TRAILER MAU-CARÁTER
Alexandre Mesquita
 
 
Cinema é comércio de imagens, não há dúvida. Mas esse comércio pode acontecer em patamares diversos. Roland Emmerich é um típico exemplo de cineasta que joga no patamar do comércio mais literal possível, vide seu "clássico" Independence Day, filme assumidamente feito sob encomenda por interesses envolvendo a comemoração do 4 de Julho. Entanto, não há como negar que ele produziu cenas impressionantes, principalmente com as espaçonaves alienígenas gigantescas. E com elas, garantiu seu lugar na história do cinema duela a quien duela (em mim, duela muito). Já com Godzilla, a melhor coisa que esse filme horroroso fez foi inspirar Cloverfield. Com O Dia Depois de Amanhã, Emmerich surpreendeu, mostrou mais imagens-catástrofe, mas com um roteiro competente, contendo até algumas críticas ao status quo que lhe põe comida na mesa. Isso mostra quem apesar de geralmente optar pelo caminho mais grana, e a meu ver nada há de mal nisso, porque há também muita dificuldade em se fazer um filme comercial que se concretize como exemplar bem sucedido, Emmerich já mostrou que tem competência para fazer algo mais. Isso coloca expectativa em cada lançamento seu: deve-se ir com nada, pedras ou luvas para aplauso?

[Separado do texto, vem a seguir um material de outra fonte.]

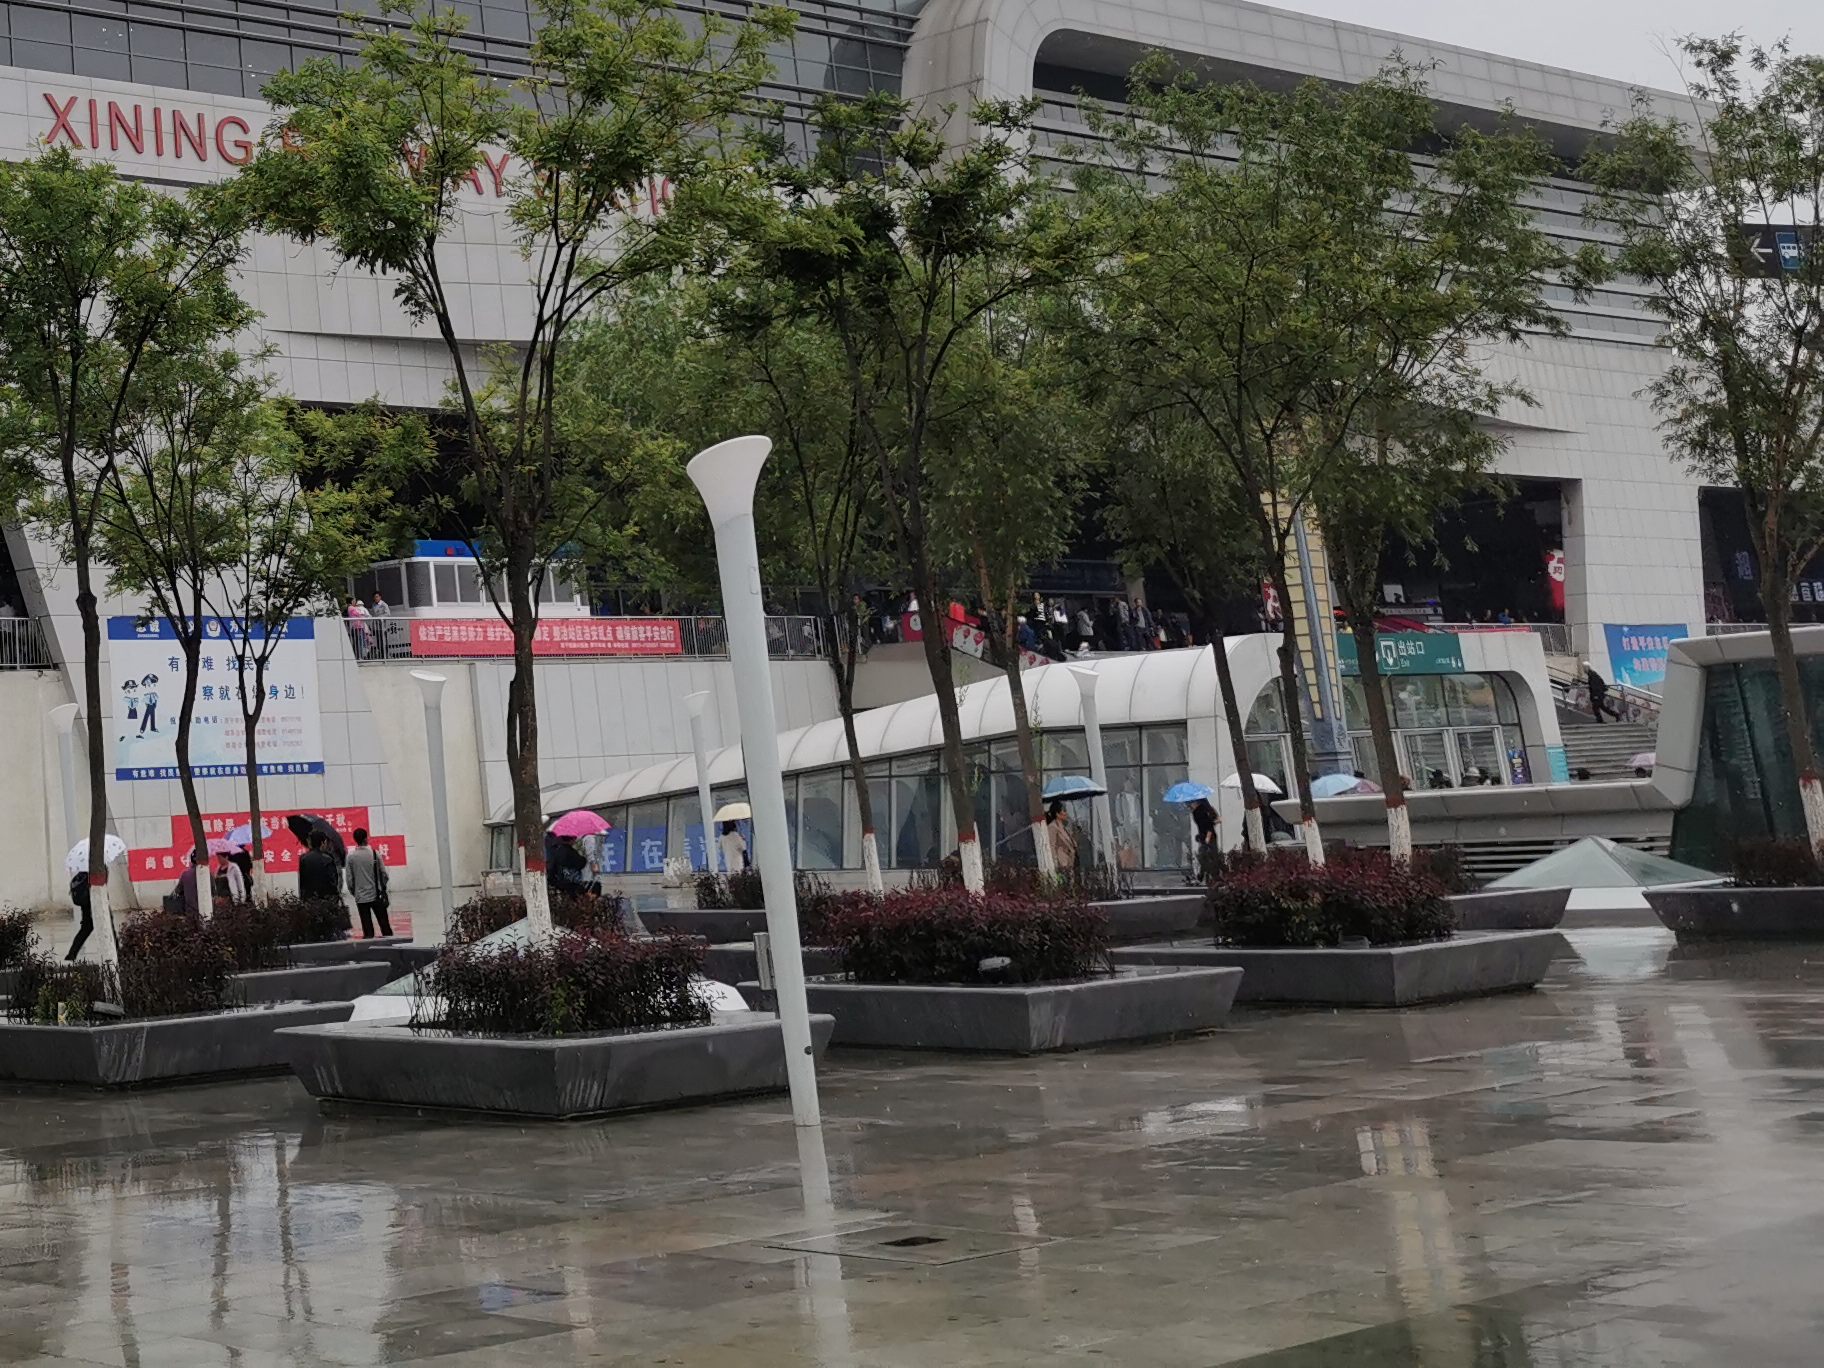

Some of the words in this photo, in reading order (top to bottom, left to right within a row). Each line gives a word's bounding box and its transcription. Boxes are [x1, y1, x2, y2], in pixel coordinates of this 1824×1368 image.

[43, 92, 254, 166] XINING
[1397, 640, 1425, 656] 出站口
[168, 656, 214, 672] 有难

Sua mais nova assinatura se chama 10.000 A.C. (10.000 B.C., EUA / Nova Zelândia, 2008), agora disponível em DVD.

Na data do título, uma aldeia de caçadores de mamutes, ou manaks, estava ficando com fome porque as manadas do bicho não passavam mais pelas bandas da aldeia. A salvação moral era acreditar na velha parapsicóloga da aldeia que previa o nascimento de uma menina de olhos azuis com poderes mágicos que poderiam trazer os grandes manaks de volta, embora o como tenha me escapado. E a mesma previsão dizia que ela iria encontrar um grande guerreiro para ajudar a cumprir a profecia. Nasceu Evolet (Camilla Belle, beleza e mãe brasileiras, e apenas isso a seu favor) dos olhos azuis e nasceu D'Leh (Steven Strait, nada a seu favor), que foi abandonado pelo pai, acusado de covarde que fugiu quando mais precisavam dele. D'Leh sonhava matar um manak para garantir a manutenção da honra na família. Evolet é raptada por um povo escravizante e construtor de pirâmides, altamente avançado para os padrões da época, liderado por alguém que se julgava um deus de quatro patas. D'Leh e outros guerreiros partem atrás dela numa jornada por florestas e desertos, encarando dentre outros bichos extintos, superavestruzes carnívoras. Conversando com outros líderes de tribos, e principalmente com um tigre dentes-de-sabre, D'Leh descobre que ele era mesmo o cara da profecia.

O trailer de 10.000 A.C. é, na minha opinião, um dos piores de todos os tempos, mas não no sentido estético - nisso ele é bom, como geralmente o são os das grandes produções. Falo que é ruim no sentido de mau-caratismo, mesmo. As cenas mais interessantes são as que mostram os mamutes, tigres dentes-de-sabre e as pirâmides. O trailer roubou tudo que de bom que seu cliente poderia oferecer. Reclamam da pirataria que vaza filmes inteiros na internet antes do lançamento: nesse caso foi pior, porque o 10.000 A.C. que presta vazou todo e de forma oficial.

E a idéia que até prometia - ficção no berço da civilização -, que incorporou elementos da lenda de Atlântida e um pouco da teoria do livro Eram os Deuses Astronautas, não passou de uma história chocha, por vezes confusa, dando a impressão que o roteiro (de Harald Kloser e Roland Emmerich) foi escrito às pressas. O contexto dos protagonistas é um amor banal, com direito a uma reviravolta cruz-credo, para tudo terminar bem. Mas pode-se pensar que a maioria do público está apenas a fim de se divertir, e raso deve ser o produto oferecido, para exatamente não se levar muito dele para a porta de fora do cinema que não sejam em comentários do tipo "viu como aquela mina é gata?". Seria aceitável, concordo. Porém, Emmerich ainda tenta com uma música orquestrada aqui, imagens oníricas ali, papos com metáforas capengas acolá, dar umas pitadas de "meu filme é mais do que isso".

Ai, ai.

Se a imagem das espaçonaves de Independence Day destruindo o Empire State ficaram na retina, os mamutes de 10.000 A.C. são legais, mas não entrarão em lugar nenhum. São apenas o melhor do trailer, quero dizer, do filme, e ponto final.



10.000 A.C. (10.000 B.C., EUA / Nova Zelândia, 2008)

Direção: Roland Emmerich.

Elenco: Steven Strait, Camila Belle, Cliff Curtis.